Integrative advances in walnut (Juglans spp.) micropropagation: overcoming recalcitrance through physiological, biochemical, and translational innovations
摘要
Walnut (Juglans spp.) is a globally significant tree genus valued for its nuts, high-quality timber, and bioactive compounds, yet it remains one of the most recalcitrant woody taxa for in vitro propagation. Conventional propagation methods such as grafting and cuttings are constrained by high heterozygosity, low rooting potential, and genotype dependence. Micropropagation offers a robust alternative for producing true-to-type, pathogen-free plants; however, the genus continues to face severe challenges, including phenolic oxidation, microbial contamination, and low rooting and acclimatization efficiencies. This review critically synthesizes recent advances in Juglans micropropagation, emphasizing innovations that integrate physiological, biochemical, and biotechnological insights to overcome recalcitrance.

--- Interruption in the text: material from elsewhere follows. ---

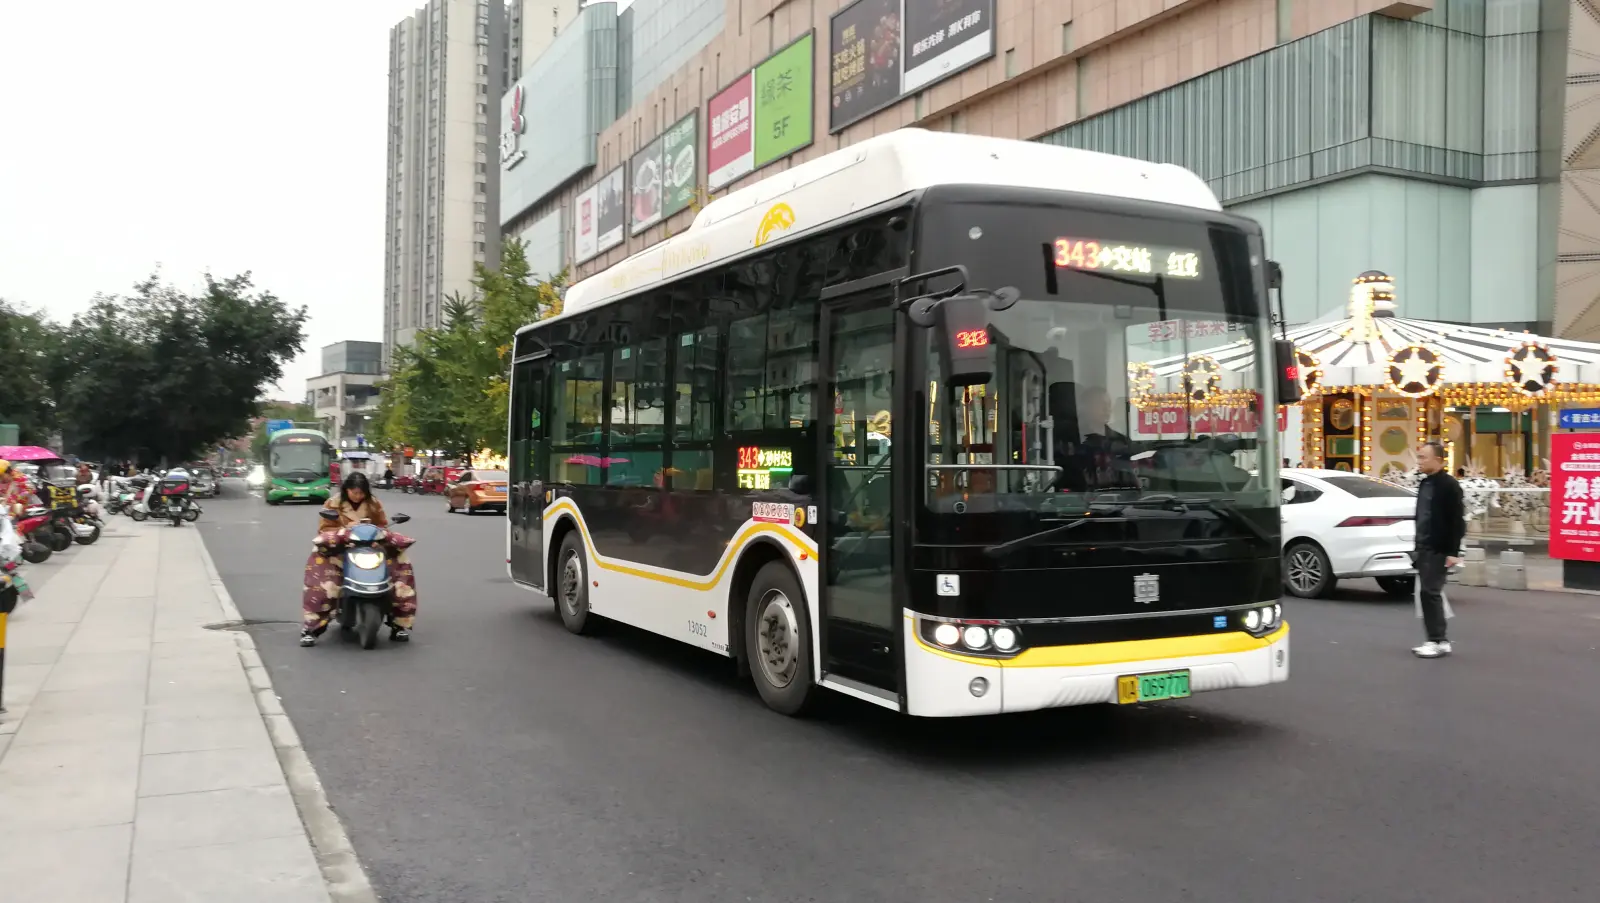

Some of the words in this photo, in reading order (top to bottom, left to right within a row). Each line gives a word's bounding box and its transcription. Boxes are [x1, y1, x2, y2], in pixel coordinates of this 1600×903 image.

Developments in culture media optimization, antioxidant and adsorbent supplementation, and the use of growth hormones have significantly improved shoot proliferation and plantlet vigor. Technological innovations, including light-emitting diode (LED) spectral modulation, temporary immersion systems (TIS), and predictive modelling tools, have further enhanced culture efficiency. Persistent obstacles, particularly genotype-specific responses, phenolic browning, and limited somatic embryogenesis, are examined in light of molecular and omics-based findings on oxidative stress, polyphenol oxidase (PPO) regulation, and hormonal signaling. The review concludes by outlining translational strategies linking tissue culture with genome editing, cryopreservation, and automated scaling systems. Collectively, these integrative advances provide a foundation for sustainable, high-efficiency propagation pipelines and future genetic improvement in Juglans biotechnology.